Under Europe’s General Data Protection Regulation, companies can transfer personal data outside the European Economic Area only if protections are essentially equivalent to those guaranteed within Europe or if sufficient safeguards are in place. The Dutch regulator concluded that MLU failed to meet that standard.

“In Russia, personal data is not protected as well as in Europe,” said Aleid Wolfsen, chair of the Dutch authority. He said Russian authorities could potentially gain access to the information and argued that the sensitivity of the data demanded stronger protections than those the company had implemented.

The regulator also pointed to what it described as the lack of an independent privacy watchdog in Russia. That mattered. European privacy enforcement has increasingly focused not only on where data travels, but on the legal environment waiting for it once it arrives.

MLU has now been ordered to immediately stop transferring personal data belonging to people in Norway and Finland to Russia through the Yango platform.

The size of the penalty reflects more than the conduct itself. European privacy regulators calculate GDPR fines partly using company turnover, and the Dutch authority said it considered the broader financial scale of the parent organization when determining the amount. MLU is part of the Yandex Group, which the regulator said reported global turnover exceeding €12 billion in 2024.

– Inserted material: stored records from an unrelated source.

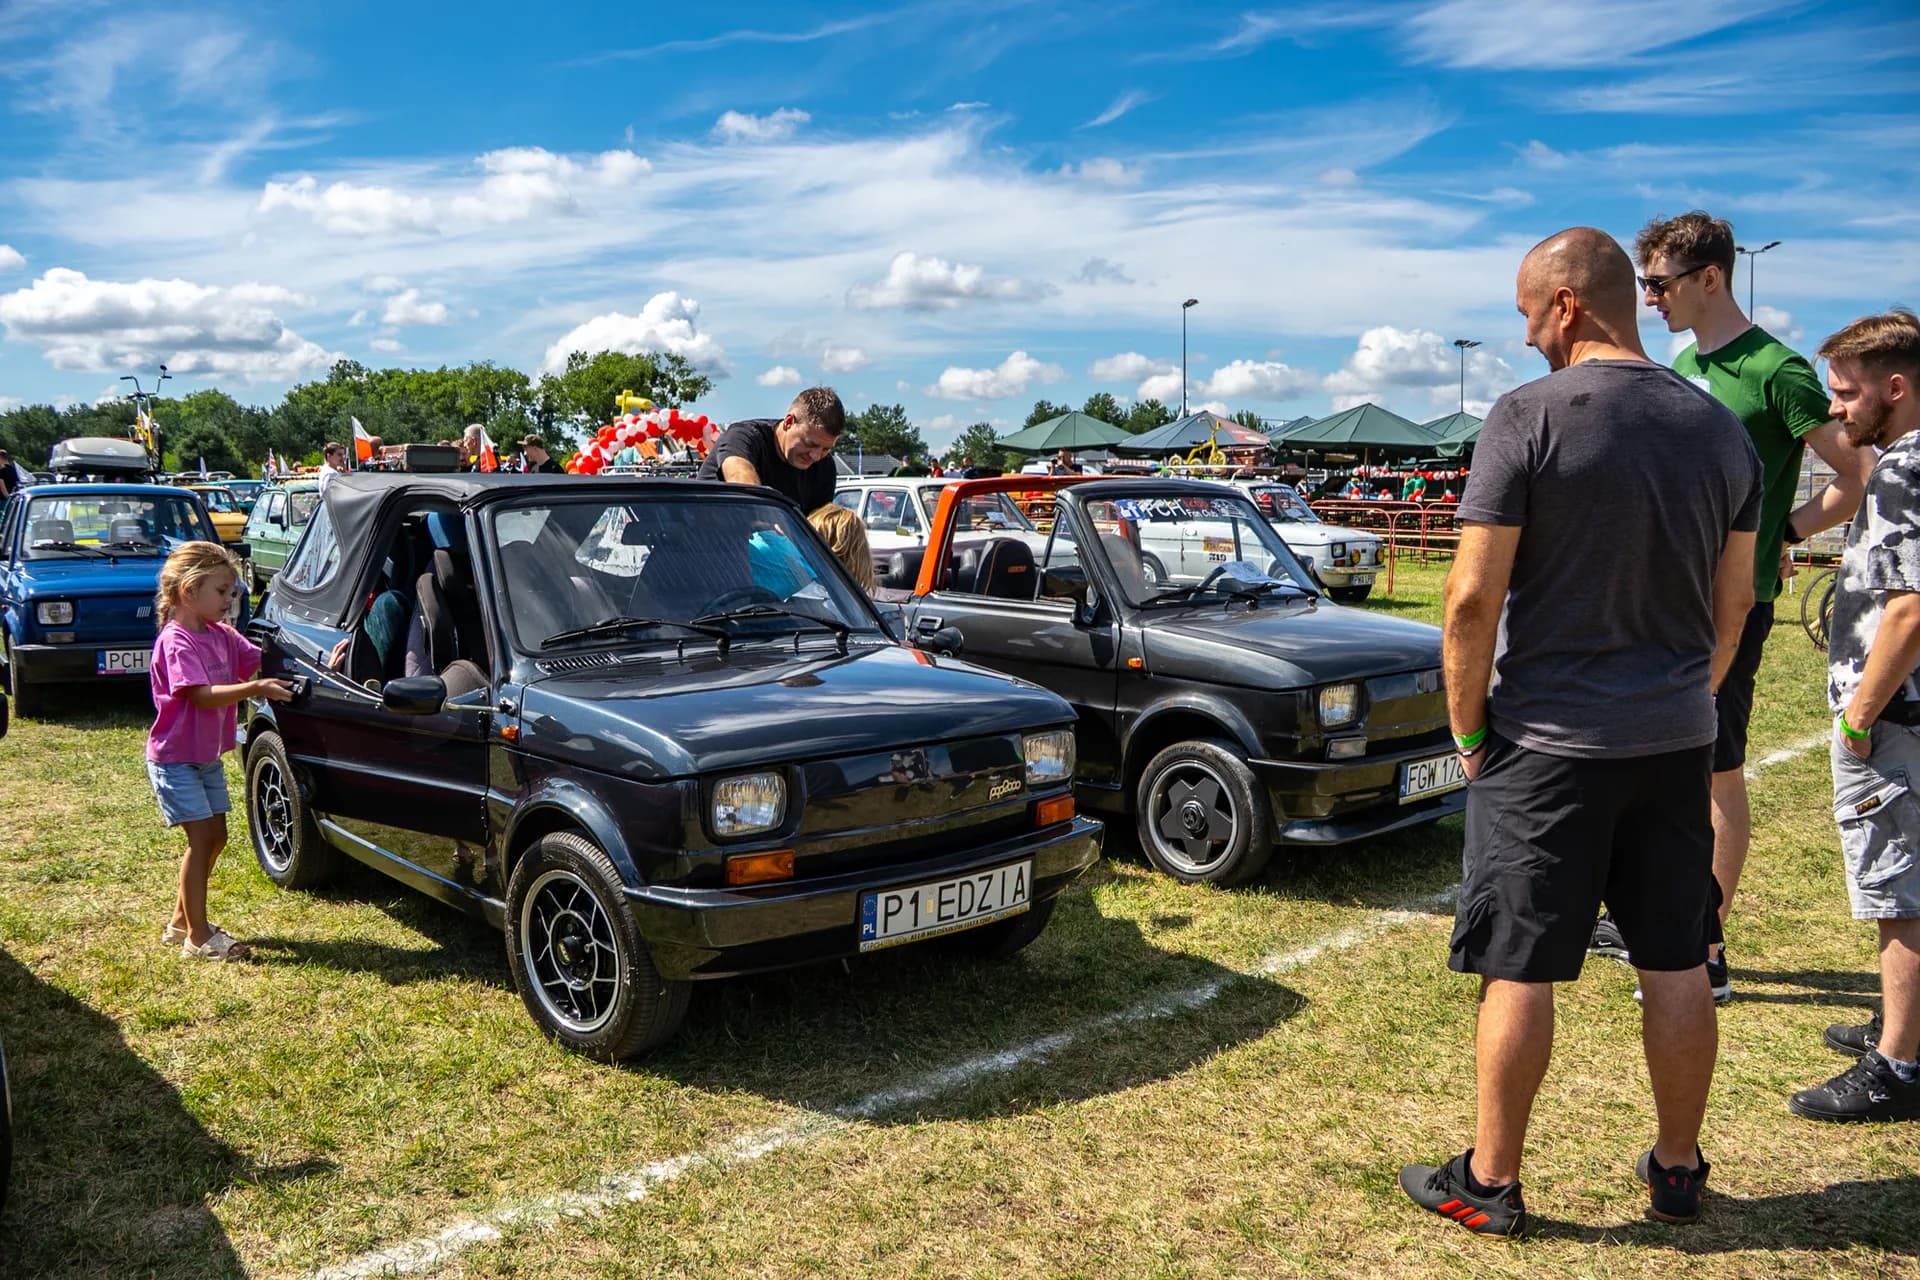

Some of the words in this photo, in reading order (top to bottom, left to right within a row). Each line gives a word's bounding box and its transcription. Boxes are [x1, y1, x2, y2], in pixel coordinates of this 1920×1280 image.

[109, 652, 144, 669] PCH
[1408, 760, 1438, 794] FGW
[883, 890, 920, 934] P1
[937, 865, 1026, 922] EDZIA
[863, 922, 875, 934] PL
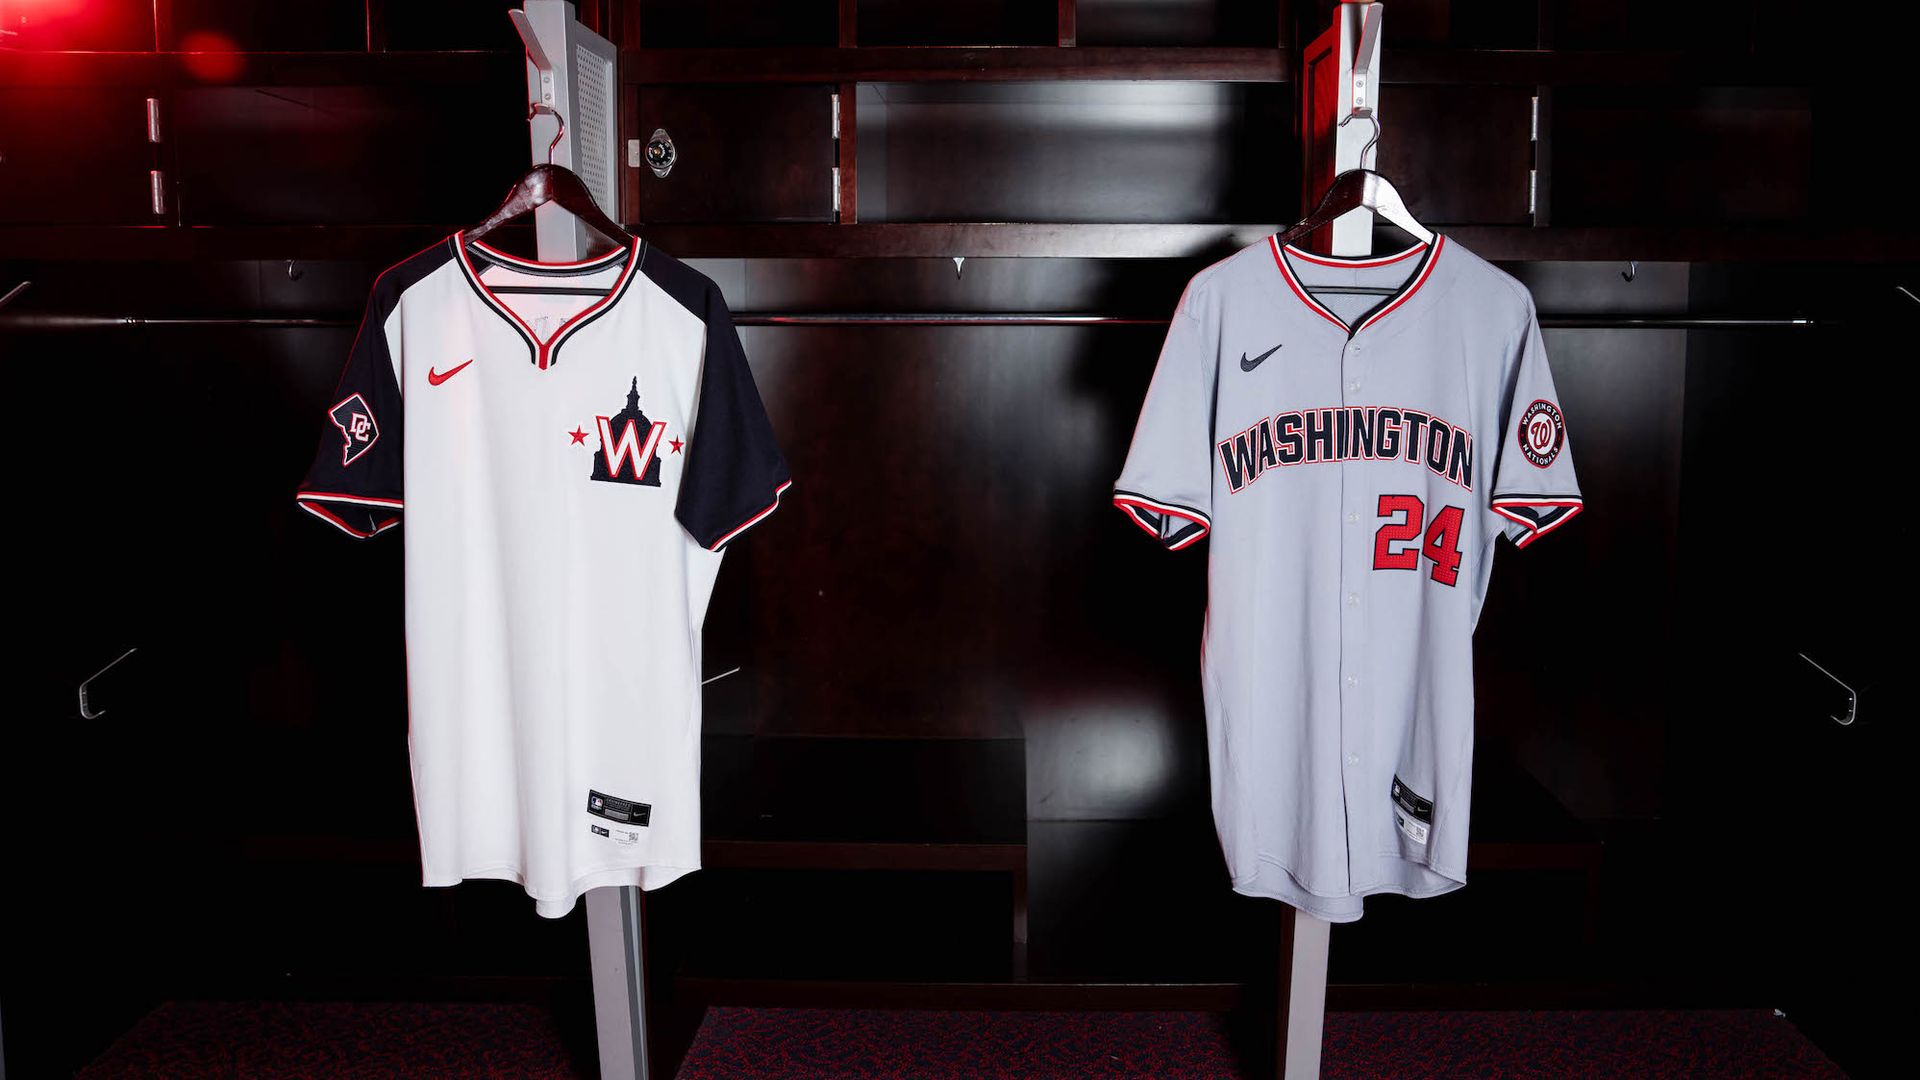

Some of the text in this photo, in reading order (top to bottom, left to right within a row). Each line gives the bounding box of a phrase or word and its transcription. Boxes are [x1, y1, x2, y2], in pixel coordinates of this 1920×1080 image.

[348, 412, 372, 442] DC
[1522, 403, 1562, 429] WASHINGTON
[596, 415, 667, 481] W
[1217, 406, 1473, 495] WASHINGTON
[1523, 443, 1558, 465] NATIONALS
[1372, 494, 1465, 588] 24
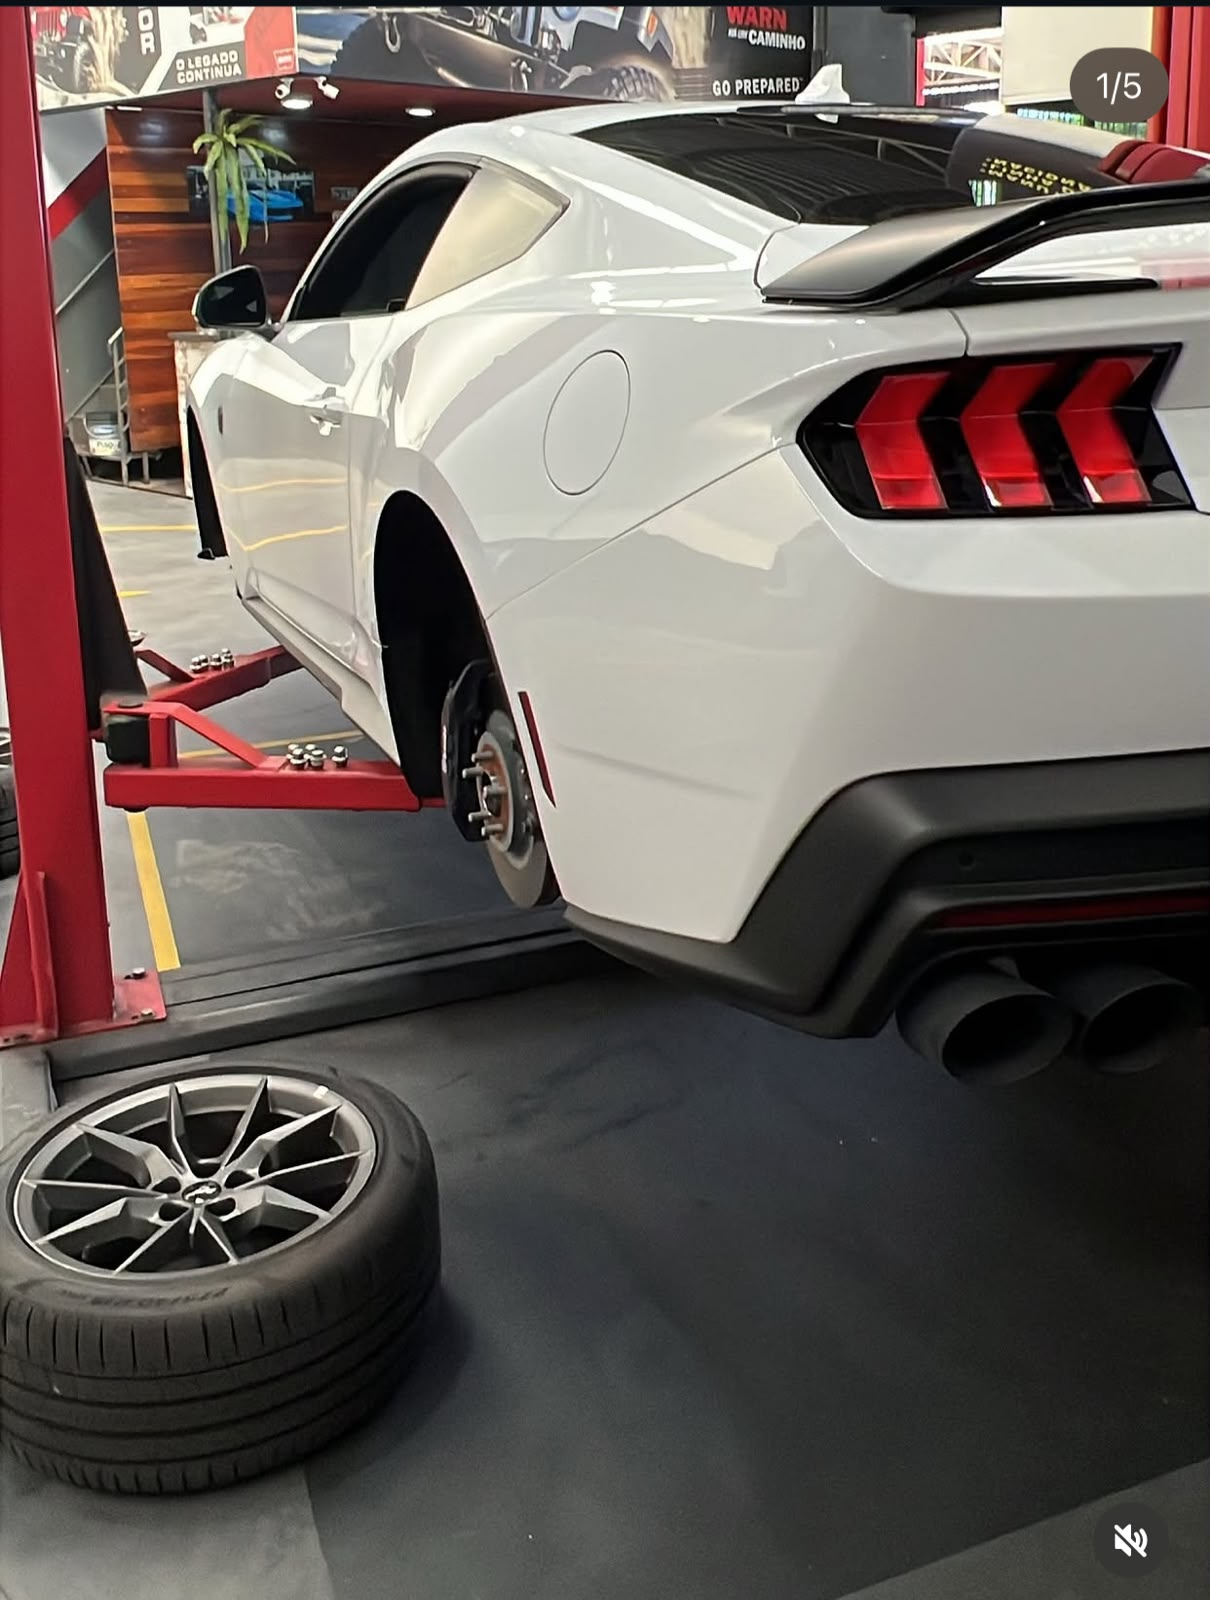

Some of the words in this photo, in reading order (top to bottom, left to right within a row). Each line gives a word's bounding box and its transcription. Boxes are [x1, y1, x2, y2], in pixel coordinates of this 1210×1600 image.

[726, 6, 787, 32] WARN
[137, 6, 155, 55] OR
[748, 29, 806, 50] CAMINHO
[187, 50, 239, 70] LEGADO
[177, 63, 242, 84] CONTINUA
[712, 79, 731, 97] GO
[735, 77, 800, 95] PREPARED
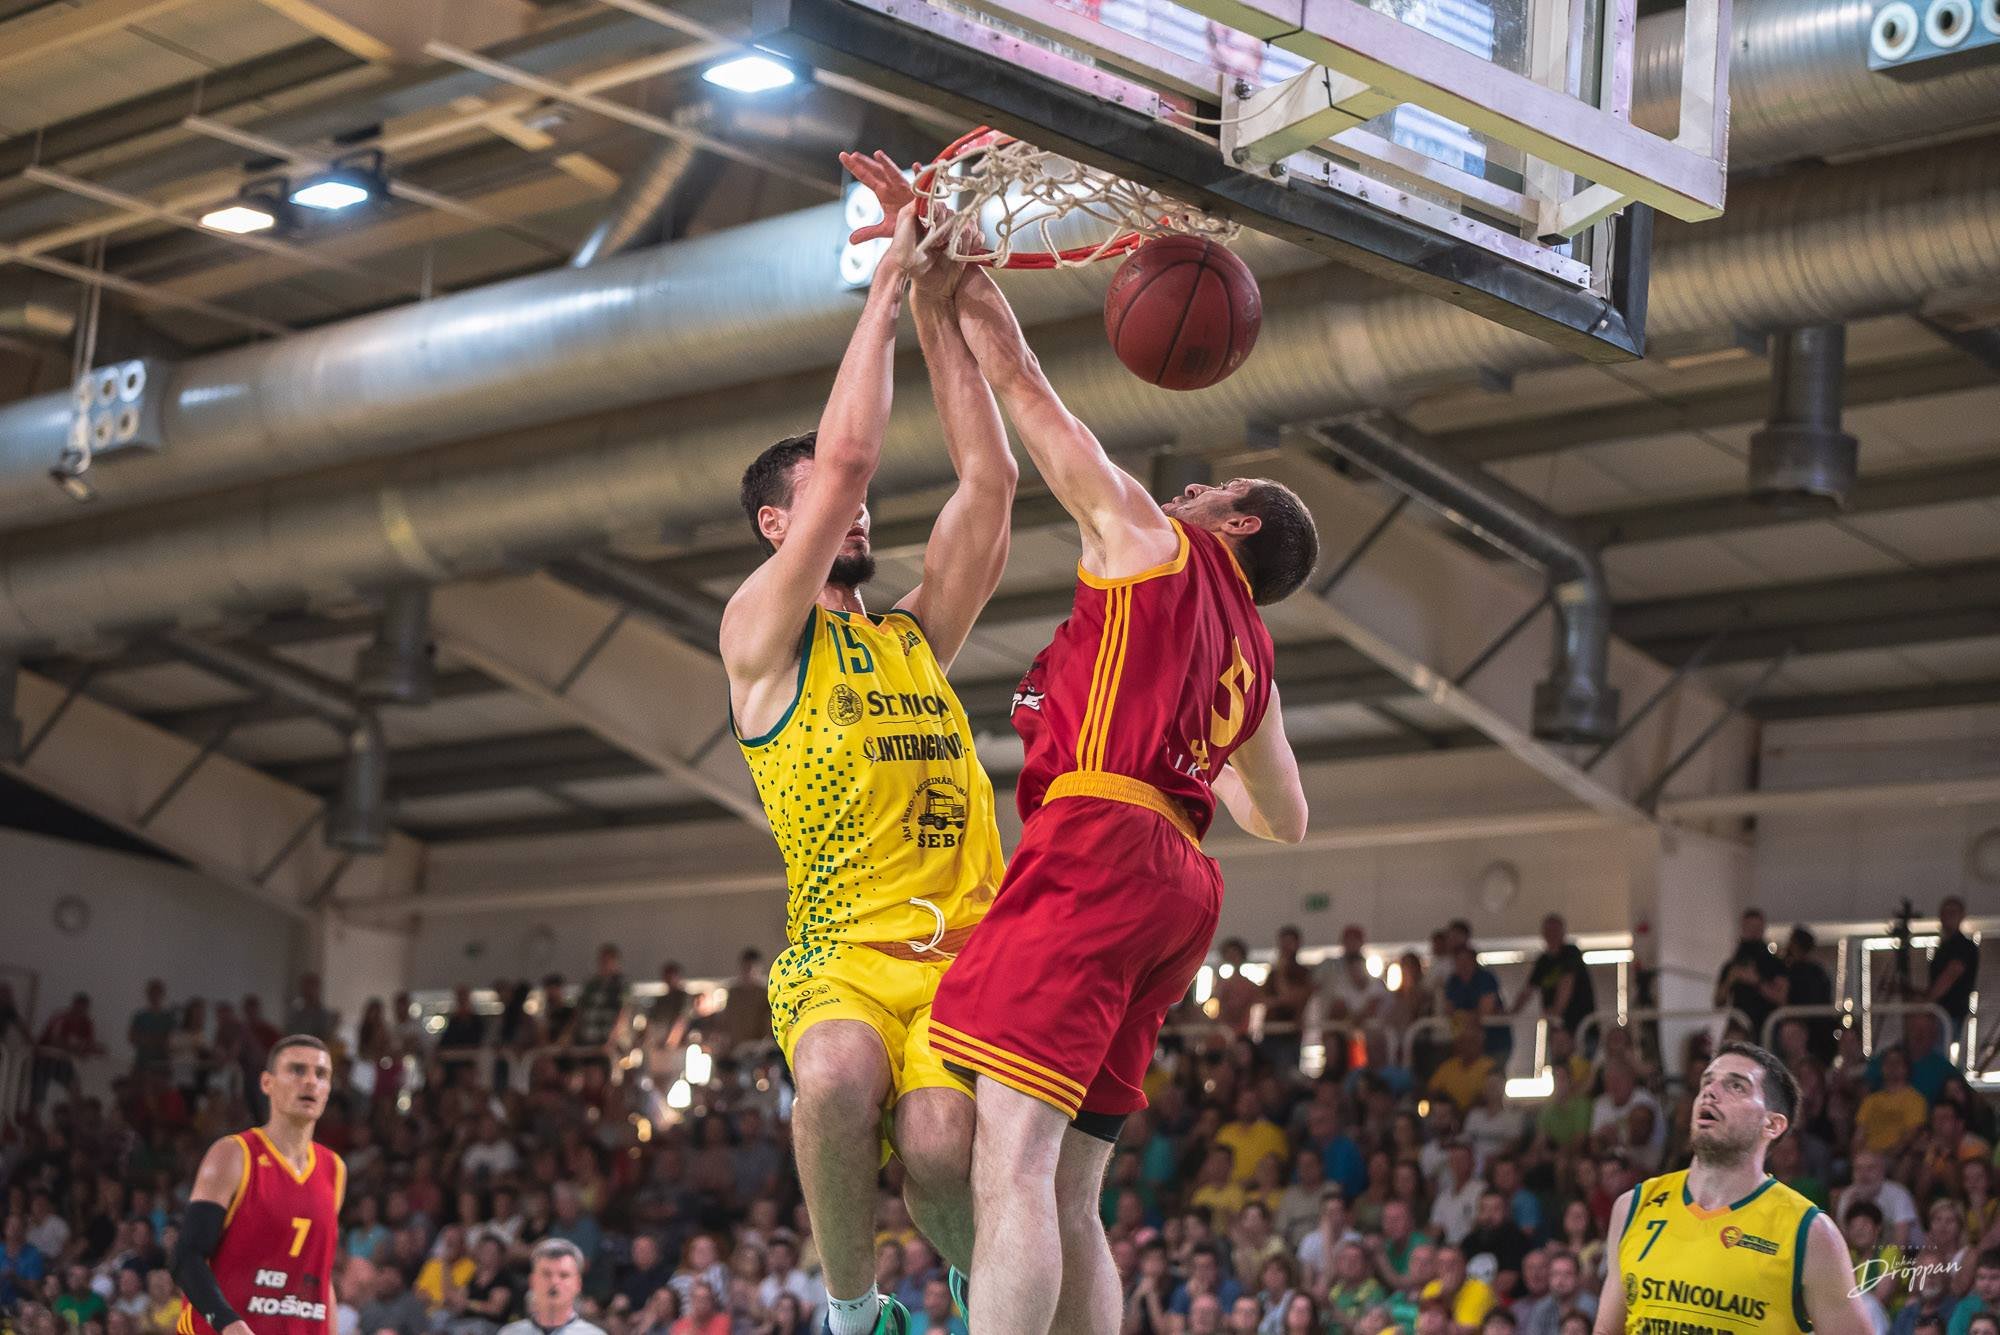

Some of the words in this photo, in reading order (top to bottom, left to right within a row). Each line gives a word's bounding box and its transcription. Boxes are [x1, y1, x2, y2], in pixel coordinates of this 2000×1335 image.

[826, 620, 874, 675] 15
[289, 1217, 312, 1257] 7
[1636, 1219, 1670, 1262] 7
[256, 1269, 288, 1288] KB
[248, 1295, 327, 1320] KOŠICE
[1667, 1279, 1768, 1321] NICOLAUS

The case lands in a part of the GDPR that has become steadily more politically charged over the last several years. Cross-border data transfers were once treated by many companies as a technical compliance exercise buried somewhere between legal review and cloud procurement. Regulators increasingly do not see them that way, especially when the data involves location histories, transportation records, financial details, and identity documents moving into jurisdictions European authorities consider high risk.